CLEVELAND (Reuters) - A landmark trial over the U.S. opioid epidemic is on track to begin on Monday after drug companies and local governments failed to agree on a settlement on Friday that had been expected to be valued at around $50 billion.
Top executives of the largest U.S. drug distributors and drugmaker Teva Pharmaceutical Industries Ltd left a Cleveland courthouse on Friday and lawyers for states and thousands of local governments said there was no agreement.
The parties and four state attorneys general had been summoned by U.S. District Judge Dan Polster, who could be seen on Friday shuttling between the groups in separate rooms.
Paul Hanly, a lawyer for local governments that brought the bulk of the thousands of lawsuits stemming from the addiction crisis, said his team “fully expect” a trial to begin Monday.
Talks featured chief executive officers from drug distributors AmerisourceBergen Corp, Cardinal Health Inc and McKesson Corp.
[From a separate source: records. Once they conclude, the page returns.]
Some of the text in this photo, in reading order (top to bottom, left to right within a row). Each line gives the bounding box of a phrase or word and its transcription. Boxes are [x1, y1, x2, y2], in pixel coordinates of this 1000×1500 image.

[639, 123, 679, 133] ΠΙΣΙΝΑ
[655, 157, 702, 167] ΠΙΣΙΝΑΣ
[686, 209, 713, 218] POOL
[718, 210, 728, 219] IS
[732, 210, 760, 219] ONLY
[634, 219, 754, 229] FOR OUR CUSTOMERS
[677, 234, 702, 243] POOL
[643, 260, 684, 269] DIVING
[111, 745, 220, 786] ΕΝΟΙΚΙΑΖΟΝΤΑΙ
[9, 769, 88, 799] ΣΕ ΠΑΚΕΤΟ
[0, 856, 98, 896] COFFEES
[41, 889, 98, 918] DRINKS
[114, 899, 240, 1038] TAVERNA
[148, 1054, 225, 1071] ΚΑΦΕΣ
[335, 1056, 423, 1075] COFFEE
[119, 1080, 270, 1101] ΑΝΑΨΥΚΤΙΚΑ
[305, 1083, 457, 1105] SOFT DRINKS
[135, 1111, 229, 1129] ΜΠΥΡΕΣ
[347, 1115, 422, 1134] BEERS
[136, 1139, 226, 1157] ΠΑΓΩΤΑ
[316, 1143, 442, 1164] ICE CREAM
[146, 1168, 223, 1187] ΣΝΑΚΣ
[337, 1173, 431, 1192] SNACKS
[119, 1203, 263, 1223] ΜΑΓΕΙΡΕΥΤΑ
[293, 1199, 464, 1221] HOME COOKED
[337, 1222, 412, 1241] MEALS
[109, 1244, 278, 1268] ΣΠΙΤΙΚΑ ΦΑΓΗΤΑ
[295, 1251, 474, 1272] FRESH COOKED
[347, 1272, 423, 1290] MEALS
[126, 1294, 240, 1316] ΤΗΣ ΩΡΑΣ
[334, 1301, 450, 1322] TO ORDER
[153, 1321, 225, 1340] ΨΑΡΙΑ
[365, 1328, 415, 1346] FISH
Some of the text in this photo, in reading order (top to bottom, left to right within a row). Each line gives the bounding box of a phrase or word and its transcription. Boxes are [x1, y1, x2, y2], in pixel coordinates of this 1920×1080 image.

Teva, which is based in Israel, also sent a team, as did Walgreen Boots Alliance Inc, a pharmacy chain.
Hanly said local governments which brought the bulk of the 2,600 lawsuits were “not on the same page” as the state attorneys general involved in the talks.
After nearly 11 hours of negotiations, Pennsylvania Attorney General Josh Shapiro told reporters it was “profoundly disappointing” that local governments would not go along with a settlement he valued at $48 billion, including $22 billion in cash and $26 billion in products and services.
The chief executive of small drug distributor Henry Schein Inc also attended talks.
The companies declined to comment or did not respond to requests for comment.
Earlier in the week, the three big distributors and Teva proposed a $50 billion settlement, two sources told Reuters. That proposal also included Johnson & Johnson, although the healthcare conglomerate was not invited to Friday’s talks because it has already settled with the plaintiffs in Monday’s trial.
Shares in the companies rallied through the week with hopes that a settlement was within reach. After Hanly’s comments late on Friday, shares of the companies sank as much as 3% in after-market trading.
Together, the companies will be defending themselves at Monday’s trial over allegations they fueled an opioid addiction crisis that caused roughly 400,000 U.S. deaths from 1999 to 2017, according to government statistics.
The distributors have been accused of failing to flag and halt suspicious orders for opioids, while drugmakers are accused of promoting benefits of the drugs while playing down their risks.
The distributors have insisted that they were shipping FDA approved medicines prescribed by doctors. The drugmakers have also denied any wrongdoing.
Hanly said discussions would continue, although he did not expect face-to-face talks to go through the weekend.
Another attorney for local governments, Paul Farrell, said the attorneys general are attempting to decide among themselves how to allocate the settlement money, without input from the local governments.
While the cases pit governments against large companies that profited from the use of opioids, there is also tension between cities, towns and counties and their state governments over the right to bring the cases and control the settlement proceeds.
Farrell said there was also an effort underway to reach a narrow settlement with just the two Ohio counties of Cuyahoga and Summit that are the plaintiffs in Monday’s trial.
A bellwether trial gives the parties a chance to assess a jury’s reaction to the allegations, which could then shape a settlement of all the litigation.
Other defendants in lawsuits overseen by Polster include Johnson & Johnson, Mallinckrodt Plc, Endo International Plc, Walmart Inc and Allergan Plc, among others.
OxyContin maker Purdue Pharma, viewed as one of the main culprits in fueling the opioid crisis, is also no longer part of the Ohio trial after declaring bankruptcy.